Print out the records precisely, keeping each line identical to its source.

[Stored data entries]
=== Section Start ===

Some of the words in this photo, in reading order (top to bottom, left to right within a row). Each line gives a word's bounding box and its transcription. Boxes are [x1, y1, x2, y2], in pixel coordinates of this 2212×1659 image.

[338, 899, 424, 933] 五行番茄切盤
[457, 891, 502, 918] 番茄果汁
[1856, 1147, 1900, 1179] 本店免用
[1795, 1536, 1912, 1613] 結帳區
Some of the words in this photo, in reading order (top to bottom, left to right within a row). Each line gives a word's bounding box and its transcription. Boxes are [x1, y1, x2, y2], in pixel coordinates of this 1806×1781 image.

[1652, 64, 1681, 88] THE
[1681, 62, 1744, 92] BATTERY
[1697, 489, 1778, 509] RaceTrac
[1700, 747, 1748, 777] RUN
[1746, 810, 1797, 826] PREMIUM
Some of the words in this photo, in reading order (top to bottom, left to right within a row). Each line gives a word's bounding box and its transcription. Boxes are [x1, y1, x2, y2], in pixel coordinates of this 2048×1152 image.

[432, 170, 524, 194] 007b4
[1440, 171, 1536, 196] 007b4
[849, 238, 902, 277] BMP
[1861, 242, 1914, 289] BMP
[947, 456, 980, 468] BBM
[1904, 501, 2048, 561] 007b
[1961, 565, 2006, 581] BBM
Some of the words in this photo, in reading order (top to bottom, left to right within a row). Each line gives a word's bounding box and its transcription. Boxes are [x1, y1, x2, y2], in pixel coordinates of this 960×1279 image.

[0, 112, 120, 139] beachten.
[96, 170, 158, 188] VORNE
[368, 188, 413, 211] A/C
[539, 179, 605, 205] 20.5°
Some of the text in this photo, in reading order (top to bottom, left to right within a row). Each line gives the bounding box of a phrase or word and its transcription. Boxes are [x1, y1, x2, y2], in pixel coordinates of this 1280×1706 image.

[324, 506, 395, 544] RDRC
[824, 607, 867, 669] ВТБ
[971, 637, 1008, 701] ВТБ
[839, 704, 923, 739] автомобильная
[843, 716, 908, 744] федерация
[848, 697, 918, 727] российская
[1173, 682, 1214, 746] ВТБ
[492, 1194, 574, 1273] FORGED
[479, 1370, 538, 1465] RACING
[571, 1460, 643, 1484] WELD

=== Section End ===

• **Result for this exercise**:
Some of the words in this photo, in reading order (top to bottom, left to right within a row). Each line gives a word's bounding box and its transcription. Boxes are [x1, y1, x2, y2], in pixel coordinates of this 2212×1659 image.

[338, 899, 424, 933] 五行番茄切盤
[457, 891, 502, 918] 番茄果汁
[1856, 1147, 1900, 1179] 本店免用
[1795, 1536, 1912, 1613] 結帳區
Some of the words in this photo, in reading order (top to bottom, left to right within a row). Each line gives a word's bounding box and its transcription. Boxes are [x1, y1, x2, y2], in pixel coordinates of this 1806×1781 image.

[1652, 64, 1681, 88] THE
[1681, 62, 1744, 92] BATTERY
[1697, 489, 1778, 509] RaceTrac
[1700, 747, 1748, 777] RUN
[1746, 810, 1797, 826] PREMIUM
Some of the words in this photo, in reading order (top to bottom, left to right within a row). Each line gives a word's bounding box and its transcription. Boxes are [x1, y1, x2, y2], in pixel coordinates of this 2048×1152 image.

[432, 170, 524, 194] 007b4
[1440, 171, 1536, 196] 007b4
[849, 238, 902, 277] BMP
[1861, 242, 1914, 289] BMP
[947, 456, 980, 468] BBM
[1904, 501, 2048, 561] 007b
[1961, 565, 2006, 581] BBM
Some of the words in this photo, in reading order (top to bottom, left to right within a row). Each line gives a word's bounding box and its transcription. Boxes are [x1, y1, x2, y2], in pixel coordinates of this 960×1279 image.

[0, 112, 120, 139] beachten.
[96, 170, 158, 188] VORNE
[368, 188, 413, 211] A/C
[539, 179, 605, 205] 20.5°
Some of the text in this photo, in reading order (top to bottom, left to right within a row). Each line gives the bounding box of a phrase or word and its transcription. Boxes are [x1, y1, x2, y2], in pixel coordinates of this 1280×1706 image.

[324, 506, 395, 544] RDRC
[824, 607, 867, 669] ВТБ
[971, 637, 1008, 701] ВТБ
[839, 704, 923, 739] автомобильная
[843, 716, 908, 744] федерация
[848, 697, 918, 727] российская
[1173, 682, 1214, 746] ВТБ
[492, 1194, 574, 1273] FORGED
[479, 1370, 538, 1465] RACING
[571, 1460, 643, 1484] WELD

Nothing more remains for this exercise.